When comparing the power efficiency with contemporary processor with similar process node, which includes Core i7 and Xeon Phi from intel, and Tegra GPU from Nvidia. We can see that APE core has about two ~ four times improvement with the optimized benchmarks.
Though little effort has been made for circuit optimization, the MaPU has manifested impressive power efficiency. The power efficiency comes from two parts: one is the hardware effort. This incudes the cascading pipeline and MGP memory system. They provide the programmer with the opportunity to customize the data path of the algorithm. In software effort, we try to minimized the energy consumption based on the these hardware feature.
Combined with the hardware and software efforts, the MaPU processor formed a matched data path for different algorithms respectively. In this matched data path, most energy was consumed by computation. This diagram shows the average energy consumed by different operations. We can see that load/store consumes much more energy than that of the computation and register operations. Except the IMAC, which should be improved. So the memory access operation should be minimized.
This effort can be seem from this diagram. It shows the operation composition of different benchmarks. The purple one stands for register file access, the orange one stands for computation, and the yellow one stands for load/store operation. Thanks to the MGP memory system, we can see that memory operations are minimized in all micro benchmarks. In fact, the energy consumed by the memory is only 8%, 6%, 3%, 3%, 2%, 3%, 15% for different benchmark respectively. And energy consumed by control logic is only 0.24%.This includes microcode storage, fetching and dispatching.
We think our work has following contributions:
First we proposed and verified a highly customizable architecture with a real chip. The customization can be made in two aspects: For architecture designer, the FU sets of MaPU are highly customizable for different workloads. For the programmer, the data path is highly customizable for different workloads through microcode.
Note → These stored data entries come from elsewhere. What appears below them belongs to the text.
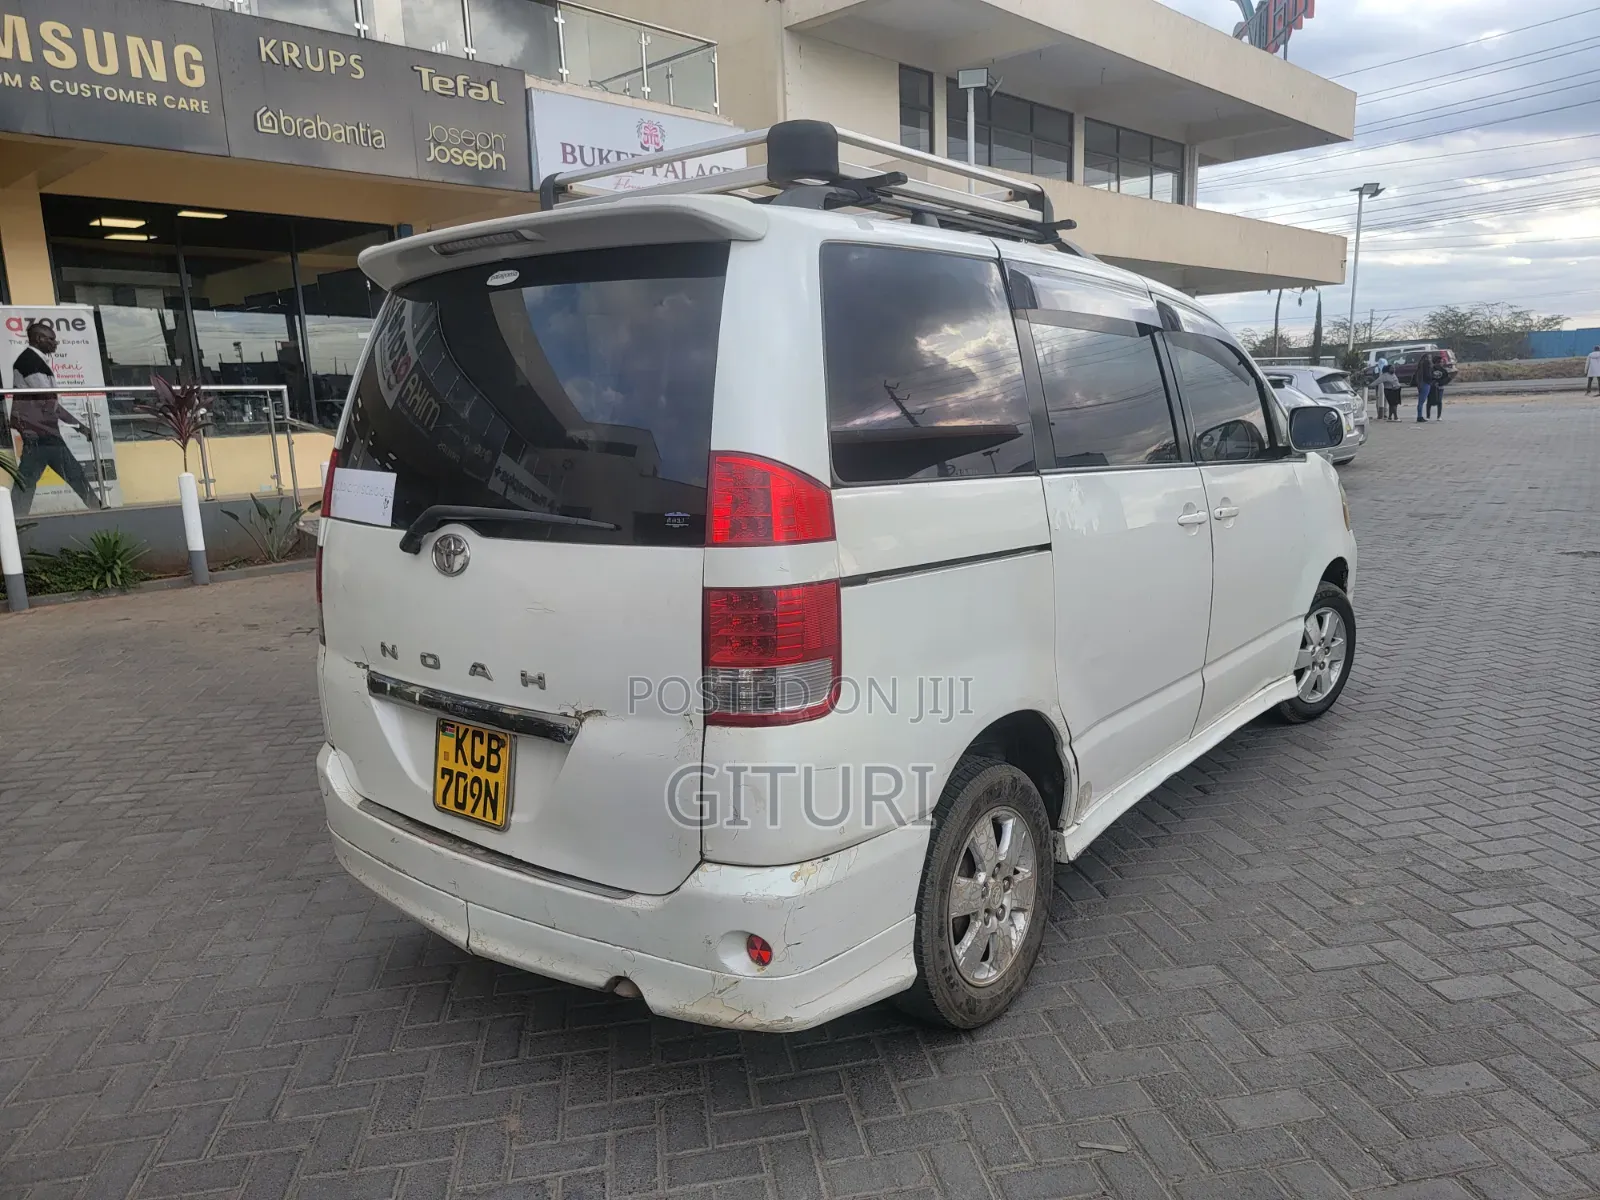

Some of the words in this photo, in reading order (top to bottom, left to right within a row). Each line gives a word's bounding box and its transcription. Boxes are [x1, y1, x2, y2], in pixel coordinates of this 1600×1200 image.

[258, 36, 365, 80] KRUPS
[0, 72, 22, 88] M
[30, 75, 43, 92] &
[50, 79, 157, 107] CUSTOMER
[164, 95, 210, 114] CARE
[413, 65, 505, 105] Tefal
[279, 108, 386, 149] brabantia
[651, 160, 734, 181] PALAC
[380, 641, 547, 691] NOAH
[454, 725, 503, 774] KCB
[440, 767, 500, 821] 709N
The second contribution is the proposed and verified memory system that supports row and column wise matrix access, with the same layout. It provides parallel access without conflict, and has potential usage in application with regular access patterns and can be integrated into other architectures.
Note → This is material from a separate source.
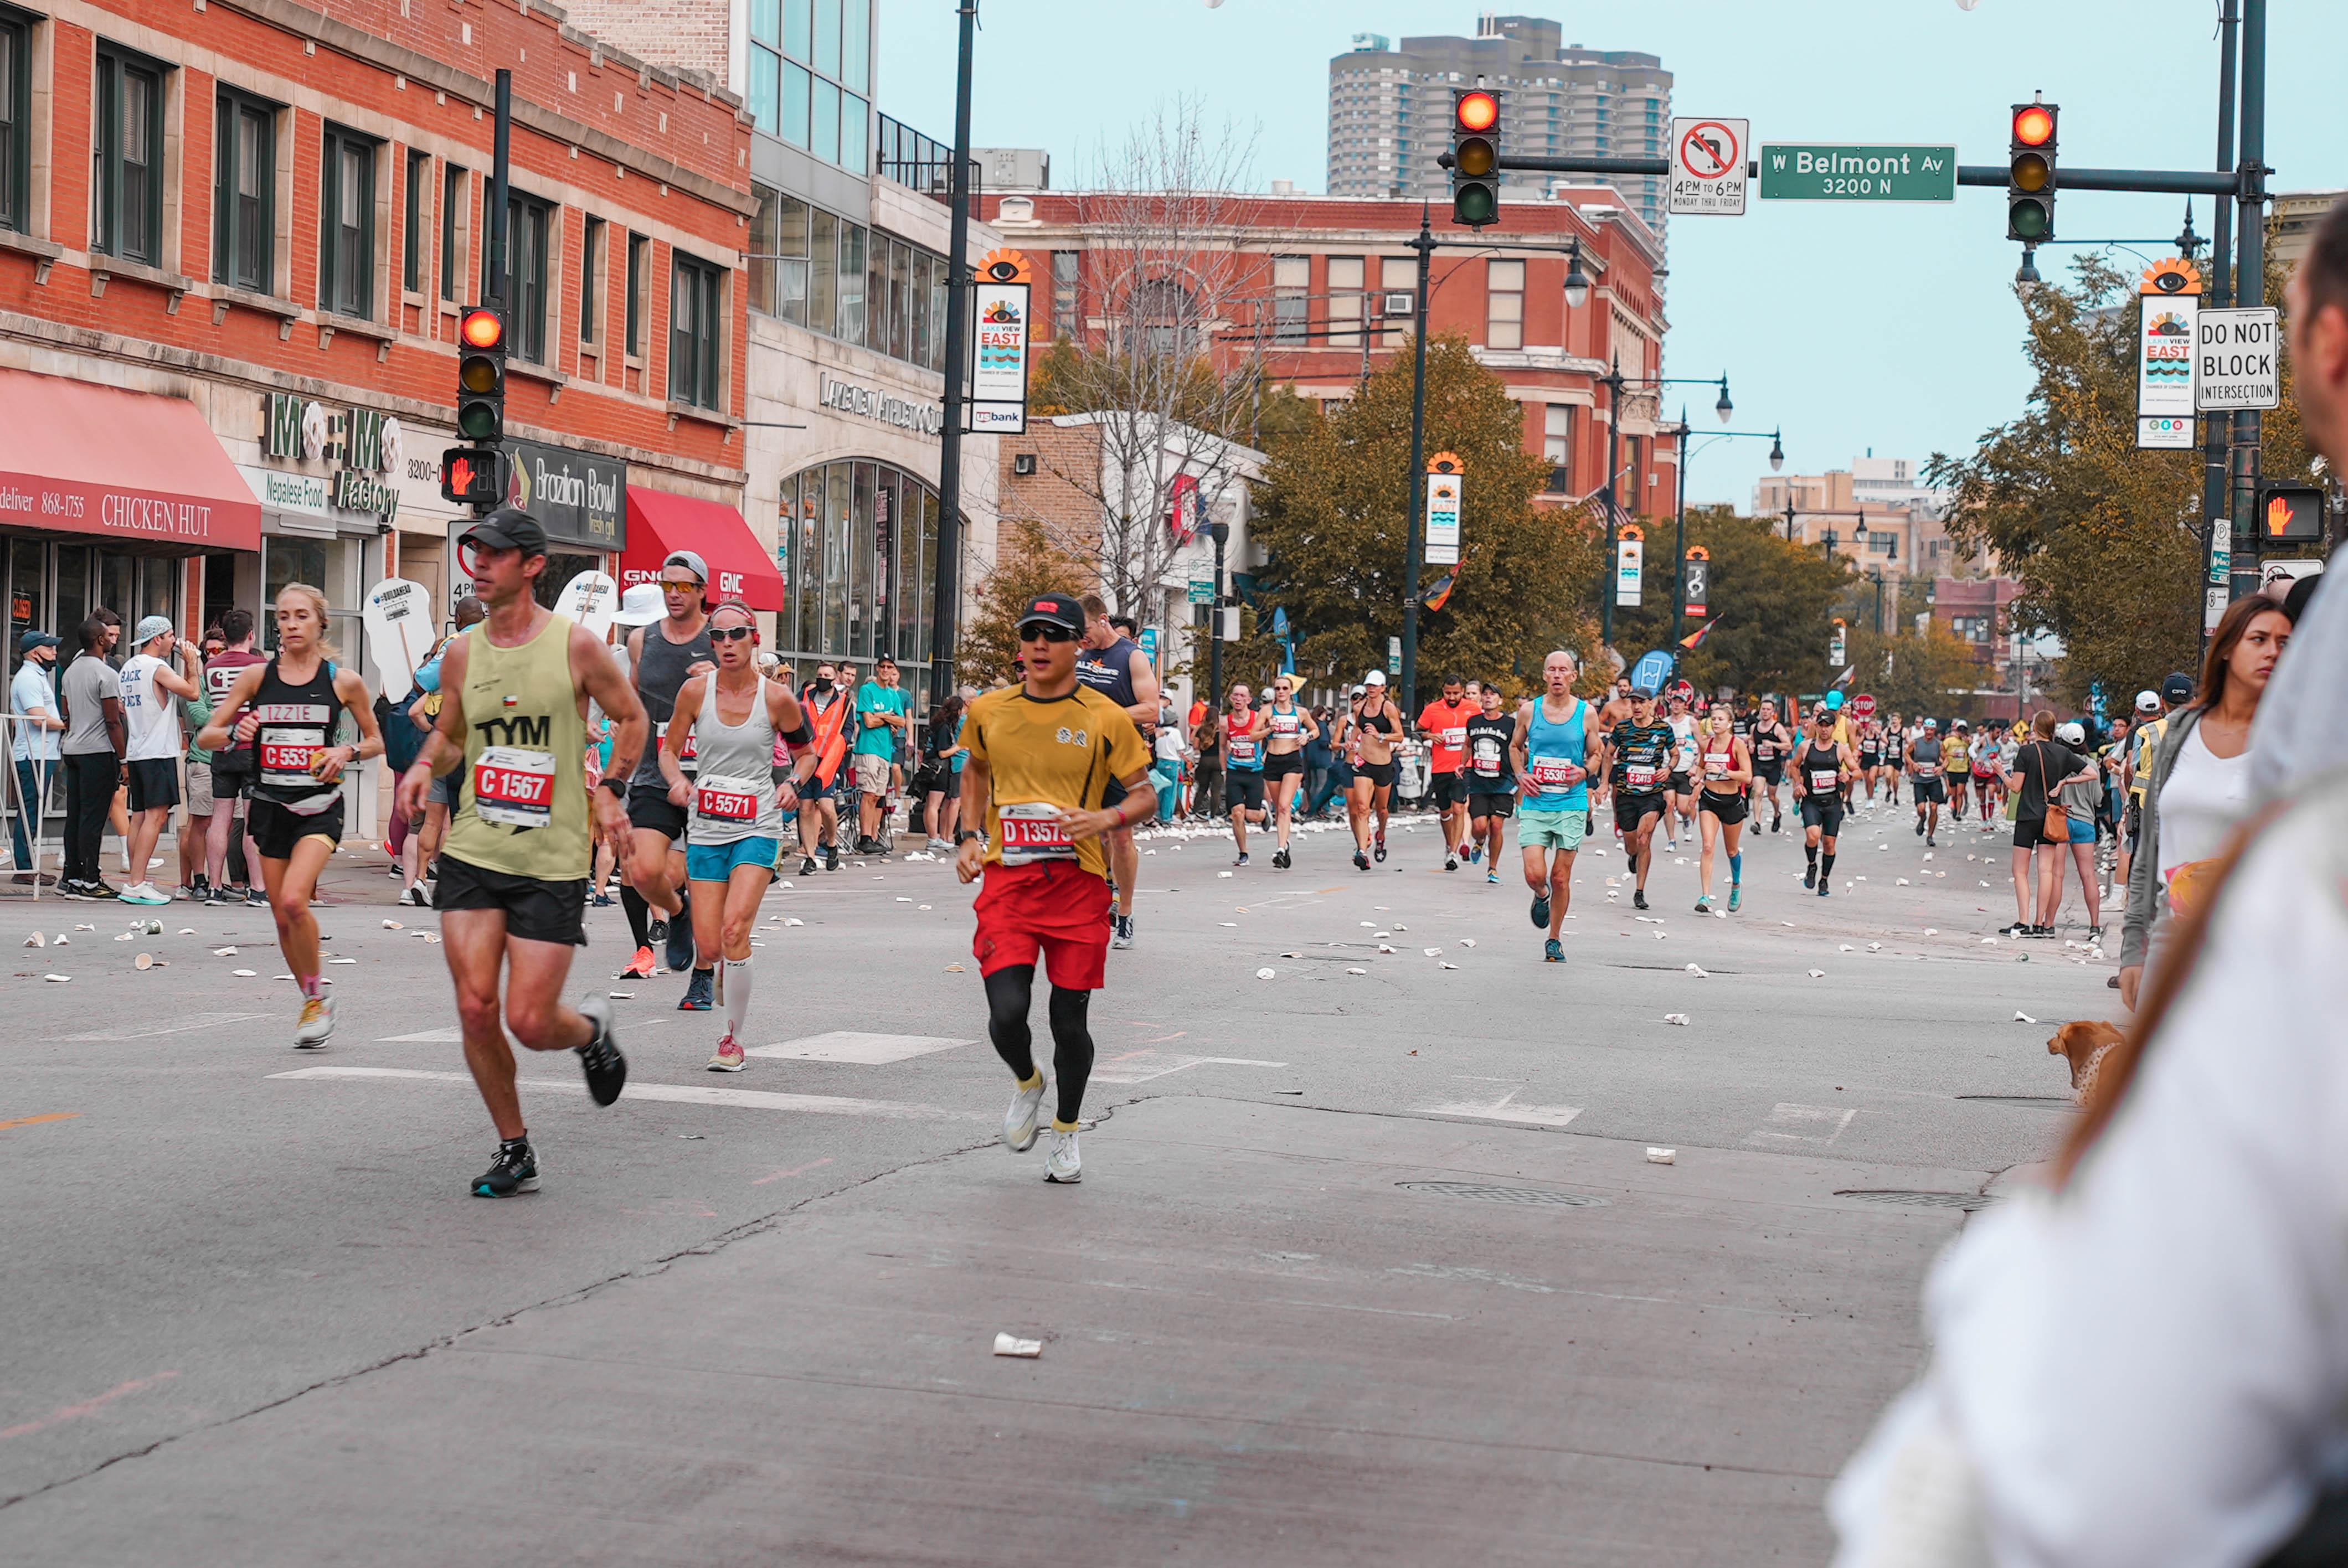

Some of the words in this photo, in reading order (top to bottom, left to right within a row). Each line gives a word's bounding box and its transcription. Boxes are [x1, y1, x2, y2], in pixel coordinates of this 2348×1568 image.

We think following works can de done to improve MaPU.
First and the most important is the high level program model.
Though state machine based program model provides great performance, great efforts are needed in programming MaPU. It takes about 1 month to optimized a micro benchmark for those who are familiar with MaPU.
Second, we need circuit level optimization of the chip.
When we implemented the SoC, only the register file is customized, so the standy power is very high and this should be improved.
Third, As a proof of the concept chip, the SoC was designed for general computation. But MaPU itself is a highly customizable architecture, so it is very promising to customize FU sets for different workloads to get better performance, for example, FU sets for communication applications, FU set for machine learning etc.